**Work item:**
Give the listing again, word for word, and let no picture into it.

(Dataset entries)

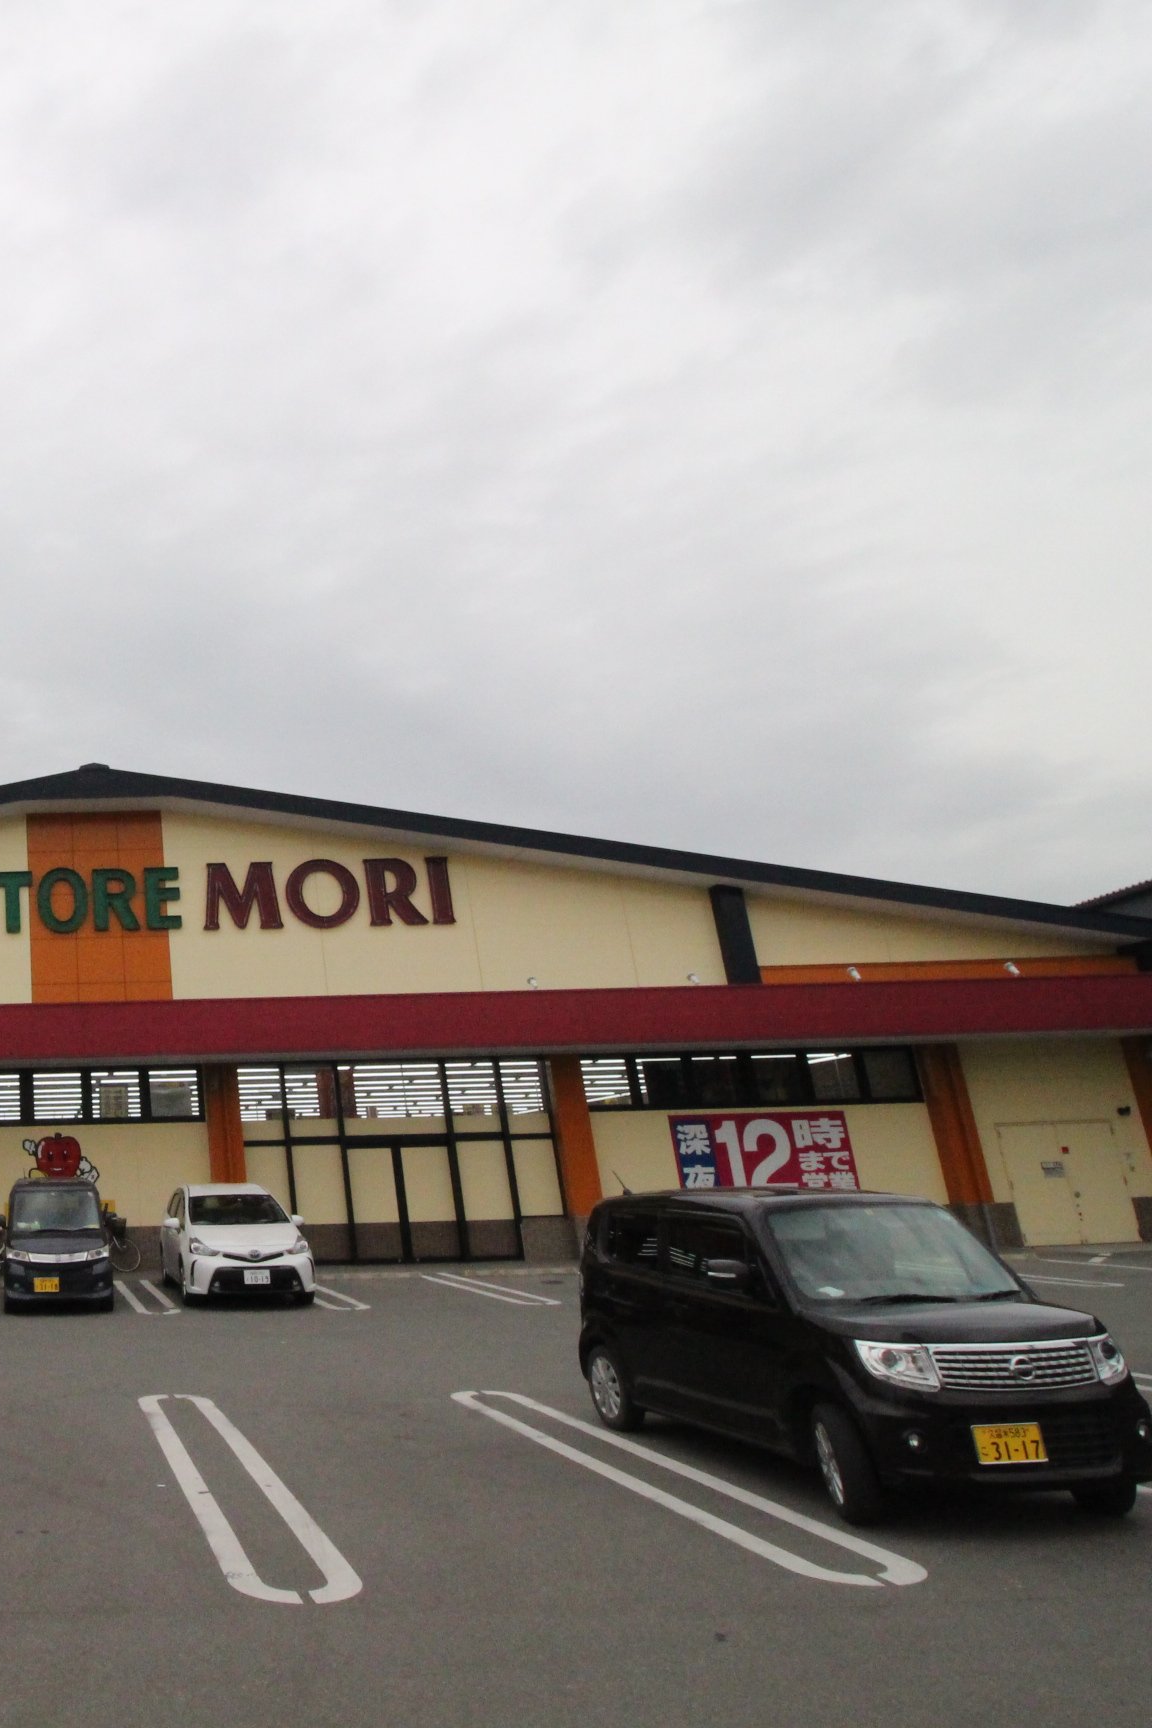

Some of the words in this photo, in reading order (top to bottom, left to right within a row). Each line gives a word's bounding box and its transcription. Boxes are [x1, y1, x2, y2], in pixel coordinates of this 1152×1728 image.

[203, 856, 457, 931] MORI
[676, 1124, 716, 1188] 深夜
[714, 1118, 799, 1187] 12
[791, 1117, 845, 1149] 時
[799, 1151, 850, 1170] まで
[990, 1440, 1040, 1461] 31-17
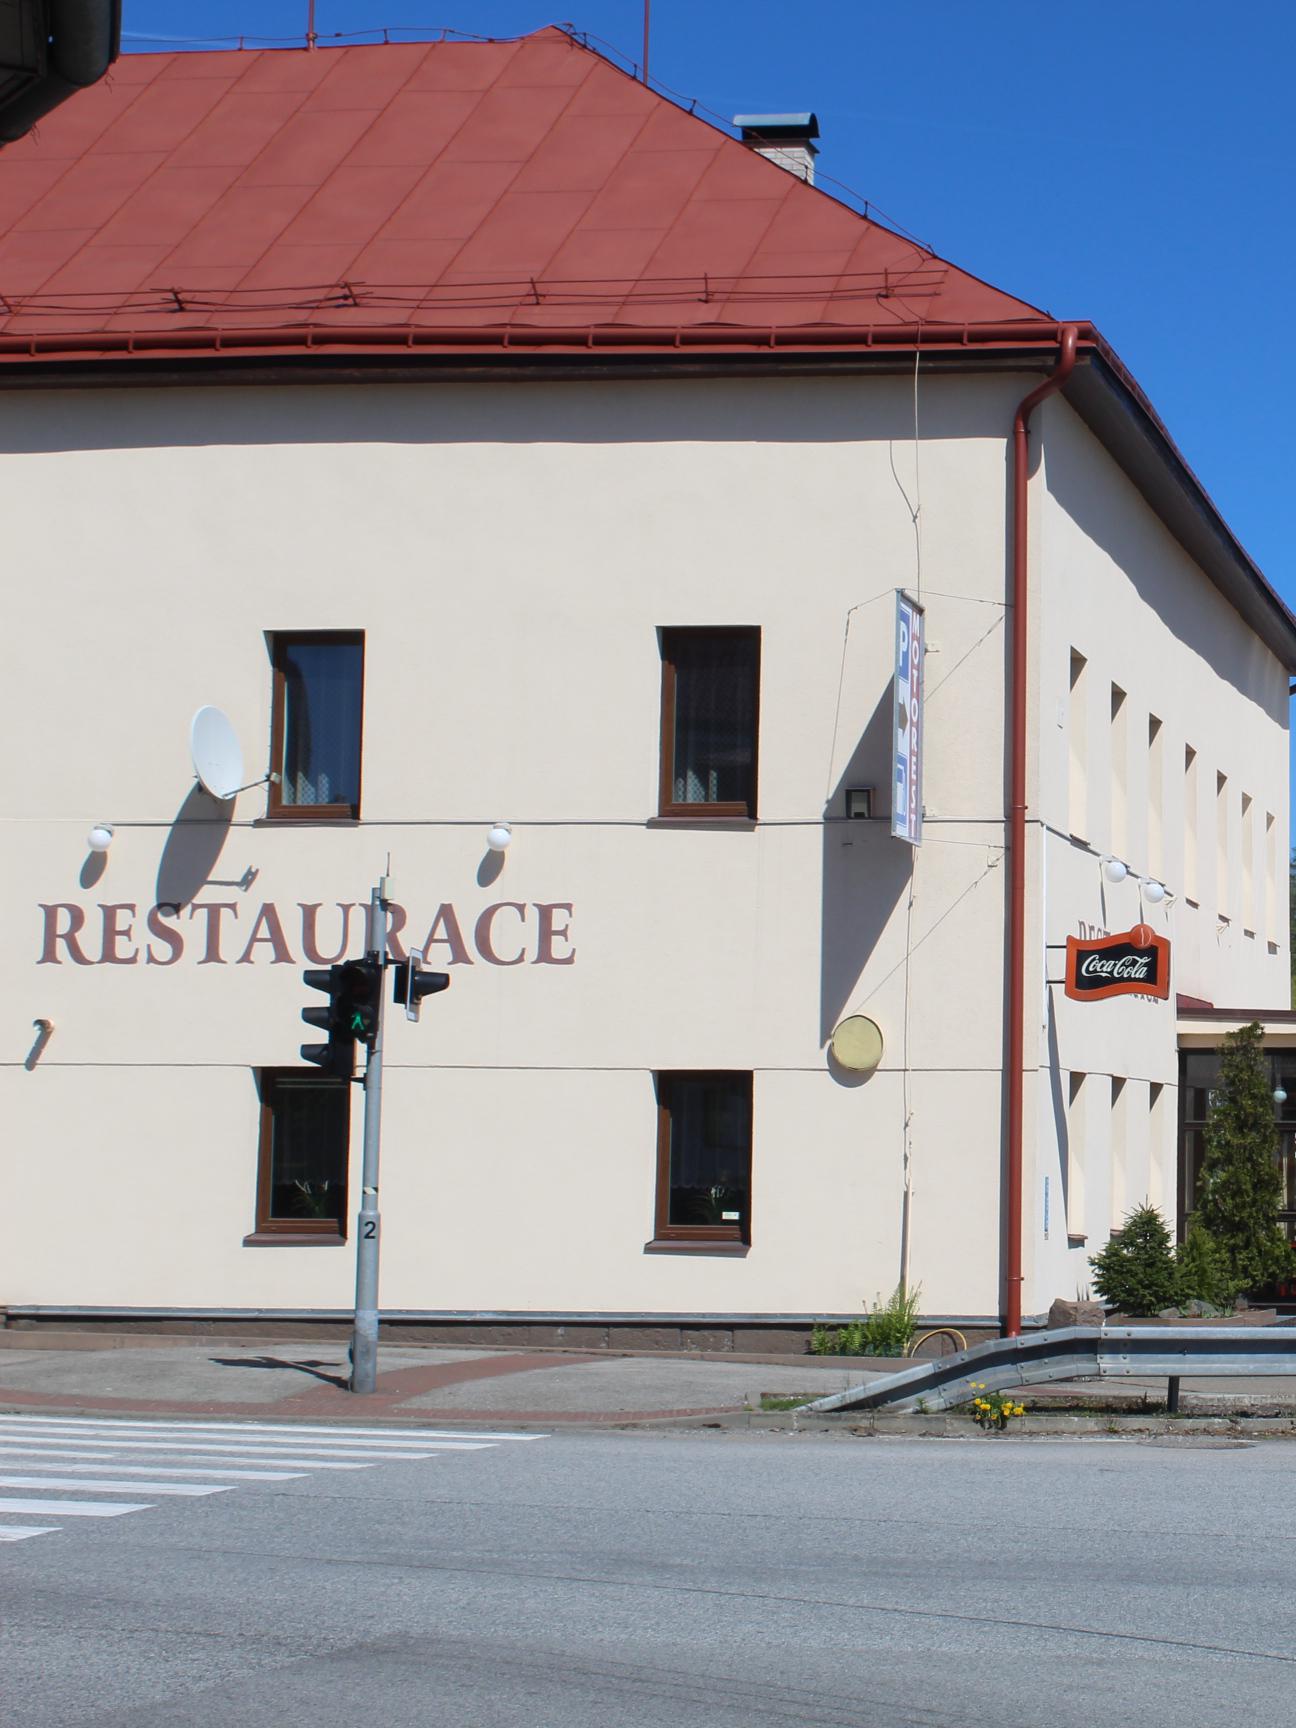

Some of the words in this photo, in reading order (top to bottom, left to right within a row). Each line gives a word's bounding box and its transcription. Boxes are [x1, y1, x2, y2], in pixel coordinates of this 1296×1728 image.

[899, 621, 908, 667] P
[911, 611, 920, 837] MOTOREST
[37, 901, 577, 966] RESTAURACE
[1081, 954, 1152, 979] Coca-Cola
[363, 1220, 377, 1240] 2

(End Dataset entries)

**Output for this exercise:**
Some of the words in this photo, in reading order (top to bottom, left to right within a row). Each line gives a word's bounding box and its transcription. Boxes are [x1, y1, x2, y2], in pixel coordinates of this 1152×1728 image.

[203, 856, 457, 931] MORI
[676, 1124, 716, 1188] 深夜
[714, 1118, 799, 1187] 12
[791, 1117, 845, 1149] 時
[799, 1151, 850, 1170] まで
[990, 1440, 1040, 1461] 31-17

Some of the words in this photo, in reading order (top to bottom, left to right within a row). Each line gives a word's bounding box and its transcription. Boxes are [x1, y1, x2, y2], in pixel coordinates of this 1296×1728 image.

[899, 621, 908, 667] P
[911, 611, 920, 837] MOTOREST
[37, 901, 577, 966] RESTAURACE
[1081, 954, 1152, 979] Coca-Cola
[363, 1220, 377, 1240] 2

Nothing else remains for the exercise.